17th May is International Day Against Homophobia, Biphobia and Transphobia. The global day helps highlight how far we still must go in fully recognising the rights—and humanity—of LGBTQIA+ people all over the world.
Most people have heard of Pride—events that celebrate protest and progress made by queer people in rights and acceptance—but fewer people have heard of the International Day Against Homophobia, Biphobia, and Transphobia (IDAHoBiT). Since 2004, the day has been marked every year to highlight challenges that LGBTQIA+ people face every day, all over the world.
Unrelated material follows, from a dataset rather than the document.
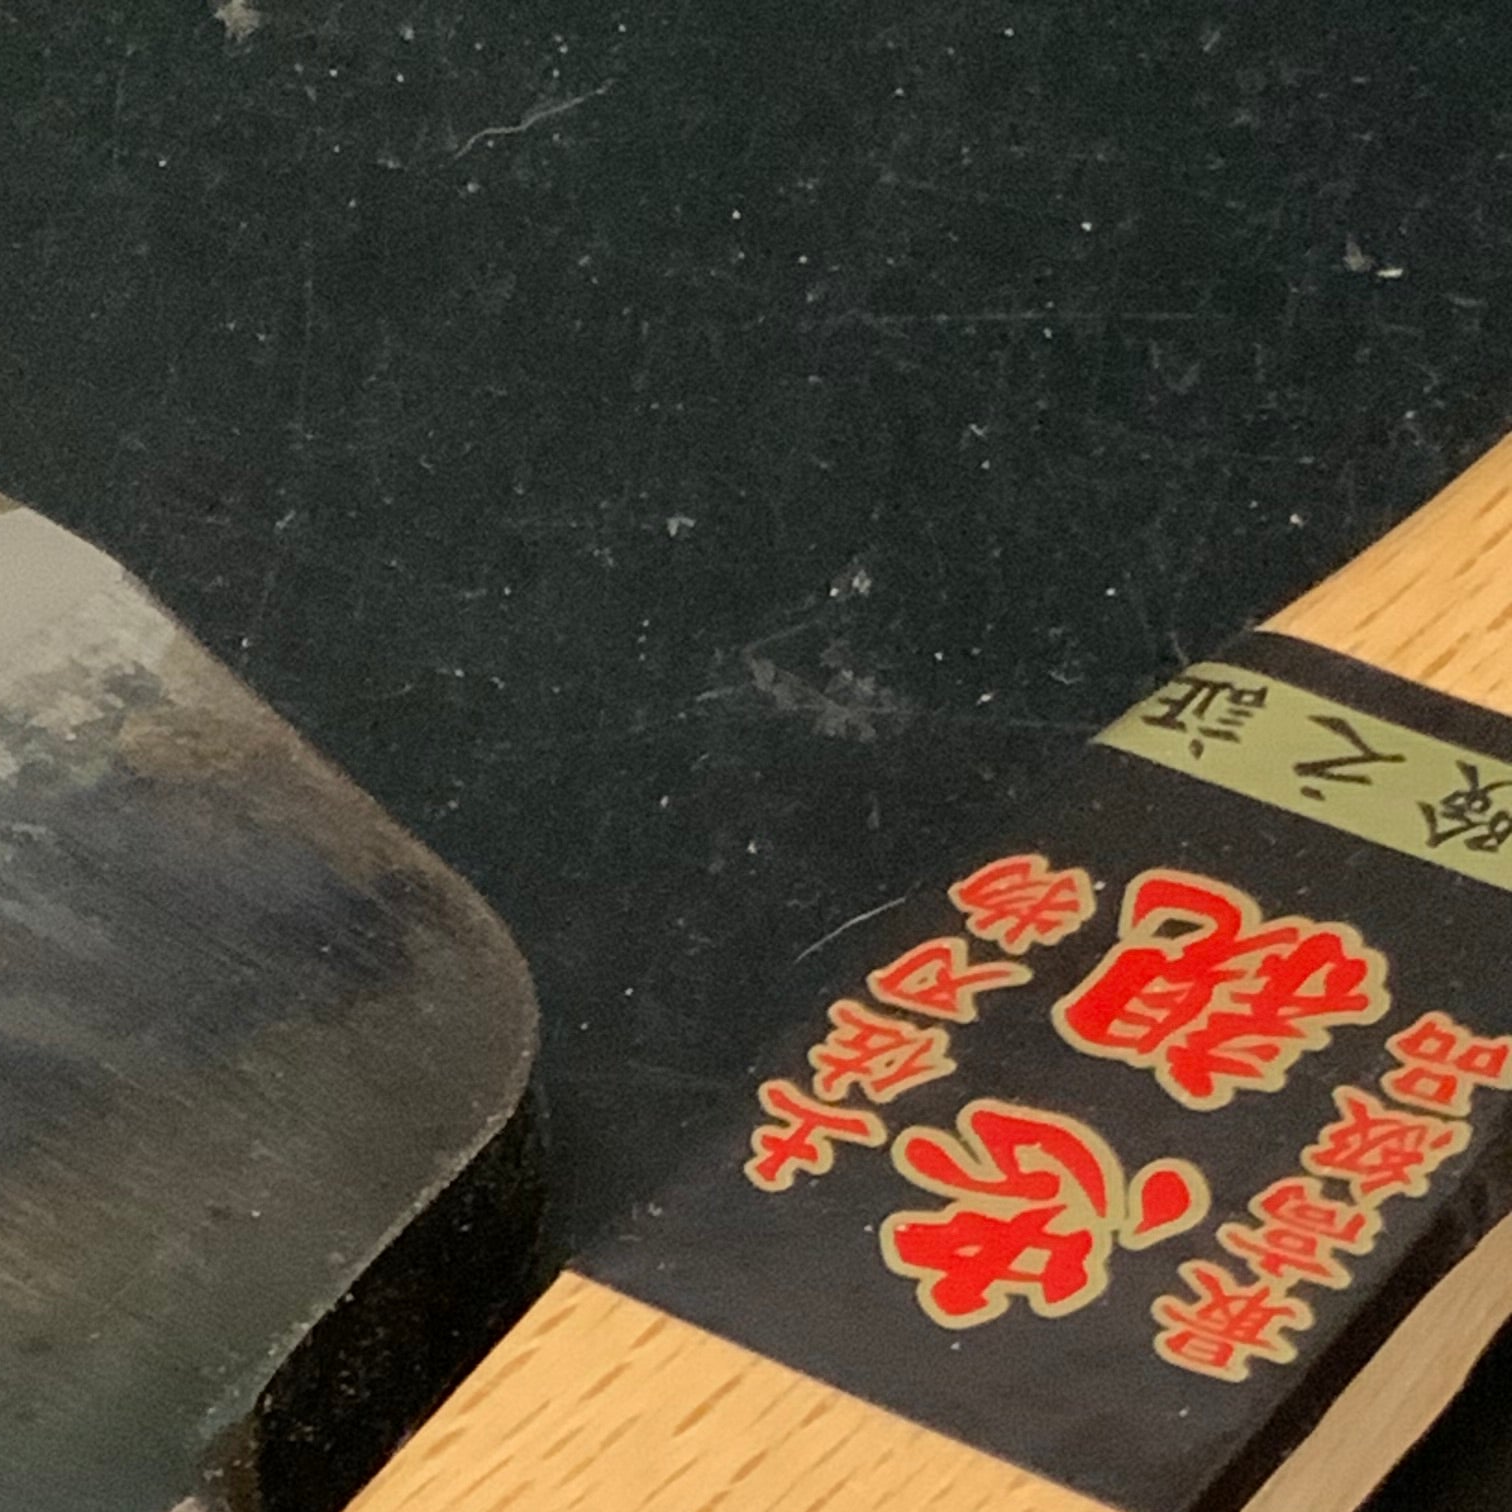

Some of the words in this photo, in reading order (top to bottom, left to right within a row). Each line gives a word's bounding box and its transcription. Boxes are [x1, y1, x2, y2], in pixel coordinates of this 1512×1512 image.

It may seem to some that the fight against homophobia, biphobia, and transphobia has been won. Sadly, that could not be further from the truth. Whilst we have come a long way in terms of legal protections and equal rights, being open about your identity can bring about exclusion, threats, or even violence. For people whose gender or sexuality is outside the cisgender heterosexual norm, the threat of discrimination, rejection, or violence is coupled with a relative lack of representation of our lives in the mainstream of politics, popular culture, and media.
Although recent films and TV portray more diverse characters, this has seen queer people accused of shoving their identities in peoples’ faces. The portrayal of lives like ours in films and TV is often a double-edged sword. LGBTQIA+ characters’ identities are often being hinted at but never confirmed, or once confirmed queer they are beset by tragedy – rejection, assault, or worse. It’s so well-known, there’s a term for it in queer circles: “bury your gays.”
Queer people’s mental and physical health can be profoundly impacted by what is sometimes known as “minority stress”. Stress can manifest itself in mental health symptoms such as anxiety and depression as well as physically through headaches, digestive problems, and chronic fatigue.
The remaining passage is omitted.